• _Instructions to follow_:
Copy the lines below word for word, skipping any image.
◆ ◆ ◆ ◆
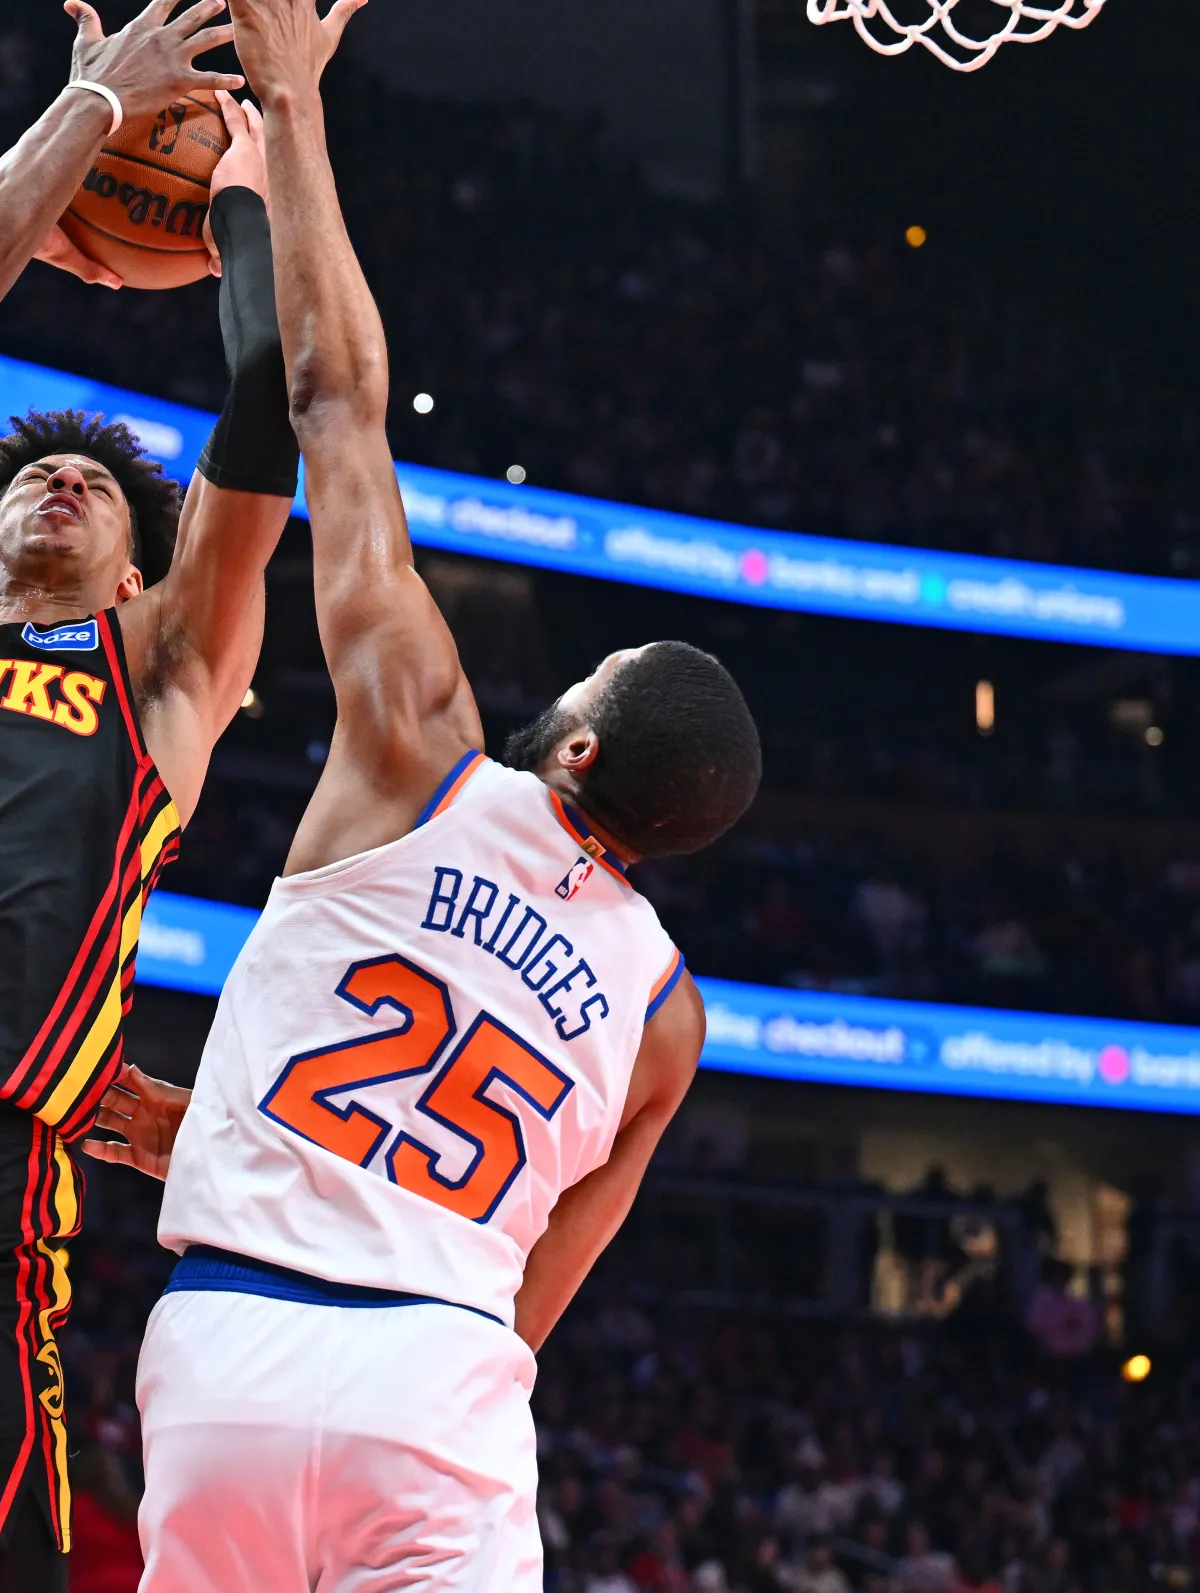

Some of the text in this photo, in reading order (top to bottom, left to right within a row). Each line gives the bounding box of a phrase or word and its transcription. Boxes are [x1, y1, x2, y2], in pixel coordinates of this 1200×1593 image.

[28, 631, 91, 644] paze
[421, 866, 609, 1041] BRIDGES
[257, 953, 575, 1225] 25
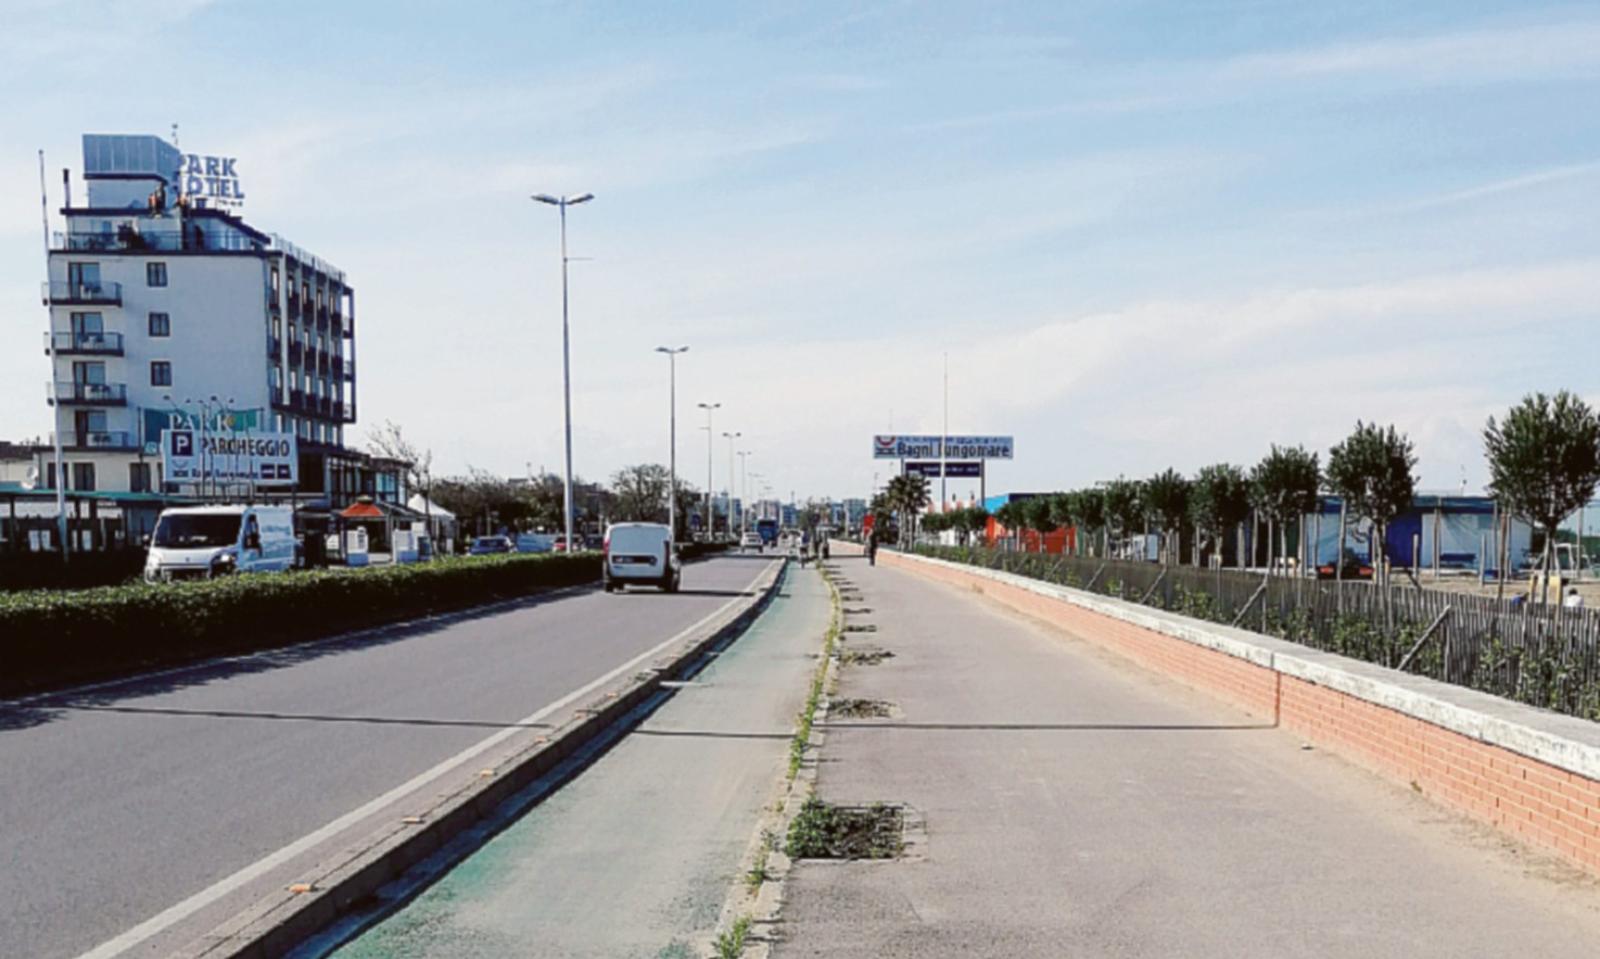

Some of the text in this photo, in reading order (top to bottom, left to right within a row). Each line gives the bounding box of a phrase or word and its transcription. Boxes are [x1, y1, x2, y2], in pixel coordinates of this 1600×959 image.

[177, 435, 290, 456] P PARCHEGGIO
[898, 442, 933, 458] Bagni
◆ ◆ ◆ ◆
• _Exercise output_:
Some of the text in this photo, in reading order (top to bottom, left to right within a row). Each line gives the bounding box of a phrase or word and its transcription. Boxes are [x1, y1, x2, y2], in pixel coordinates of this 1200×1593 image.

[28, 631, 91, 644] paze
[421, 866, 609, 1041] BRIDGES
[257, 953, 575, 1225] 25

Some of the text in this photo, in reading order (top to bottom, left to right within a row). Each line gives the bounding box of a phrase or word and its transcription. Boxes are [x1, y1, x2, y2], in pixel coordinates of this 1600×959 image.

[177, 435, 290, 456] P PARCHEGGIO
[898, 442, 933, 458] Bagni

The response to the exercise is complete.